本发明一种利用内源CRISPR‑Cas系统进行原核生物基因组编辑的方法。在对含有内源CRISPR‑Cas系统的原核生物进行基因组编辑时，只需构建一个同时携带人工CRISPR簇和供体DNA的编辑质粒，在内源CRISPR系统对基因组发生DNA干涉后通过同源重组达到对基因组的编辑。

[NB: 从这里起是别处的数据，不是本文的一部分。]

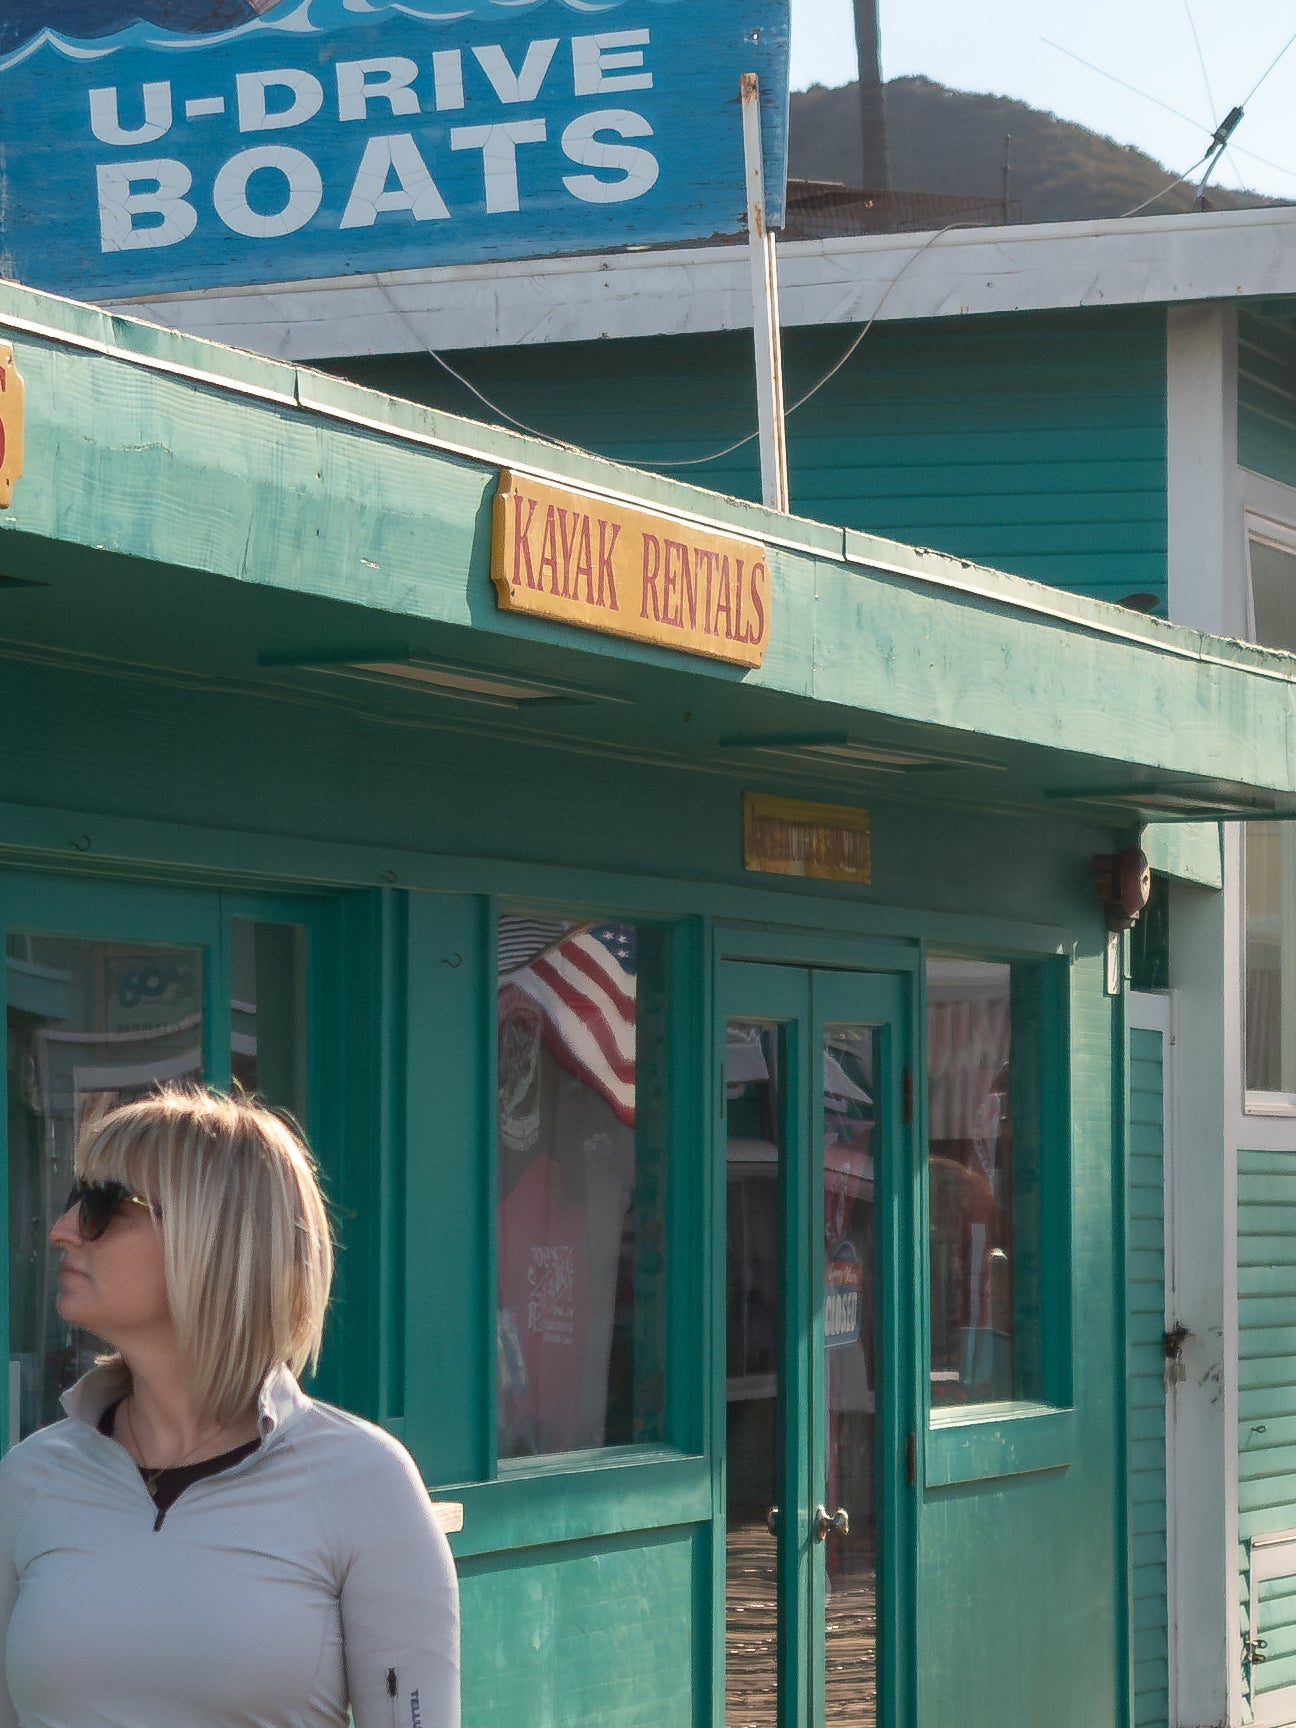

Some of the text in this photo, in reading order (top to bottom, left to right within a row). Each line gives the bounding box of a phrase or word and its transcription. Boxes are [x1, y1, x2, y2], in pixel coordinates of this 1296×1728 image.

[88, 27, 654, 147] U-DRIVE
[95, 108, 661, 253] BOATS
[511, 493, 766, 646] KAYAK RENTALS

其最大的优点在于：应用宿主范围广，所有含有内源CRISPR‑Cas系统的细菌和古菌均可操作；可用于多种编辑方式，缺失、插入和点突变等均可操作；更高的编辑效率，筛选阳性率高，背景低；流程简单，时间周期短，大大减轻原核生物基因组编辑的工作量。

主权项

1.含有CRISPR‑Cas系统的原核生物在内源编辑原核生物基因组中的应用；所述的原核生物为含有内源I型或III型CRISPR‑Cas系统，或同时含有内源I型和III型CRISPR‑Cas系统的细菌或古菌；其应用方法包括：1)构建基因组编辑质粒：在原核生物基因组上拟编辑区域选取一段序列作为protospacer即靶标位点，根据protospacer设计两条反向互补的引物，其序列分别为正向引物：5’‑AAAG‑Nn‑3’，反向引物：5’‑TAGC‑N’n‑3’，其中Nn和N’n为反向互补序列，N和N’表示碱基A、T、G或C，n表示protospacer的碱基个数；将上述两条引物退火形成具有粘性末端的双链DNA，即spacer片段；人工CRISPR载体pSe‑Rp经过限制性内切酶BspMI酶切处理，然后与具有粘性末端的spacer片段酶连，得到能产生成熟的crRNA的人工CRISPR质粒；再将包含突变序列和与宿主细胞基因组上靶标位点两端同源的供体DNA片段插入到上述人工CRISPR质粒上，得到基因组编辑质粒；2)突变株的获得：基因组编辑质粒电转入原核生物感受态细胞，质粒上的人工CRISPR簇转录出pre‑crRNA，pre‑crRNA在细胞内被加工成成熟的crRNA；crRNA与细胞内源的CRISPR‑Cas蛋白形成crRNP复合体，通过crRNA与宿主细胞基因组上的目标DNA链配对来识别靶标位点进行切割；质粒上的供体DNA片段与靶标位点两侧序列发生同源重组，进而得到基因组编辑突变株。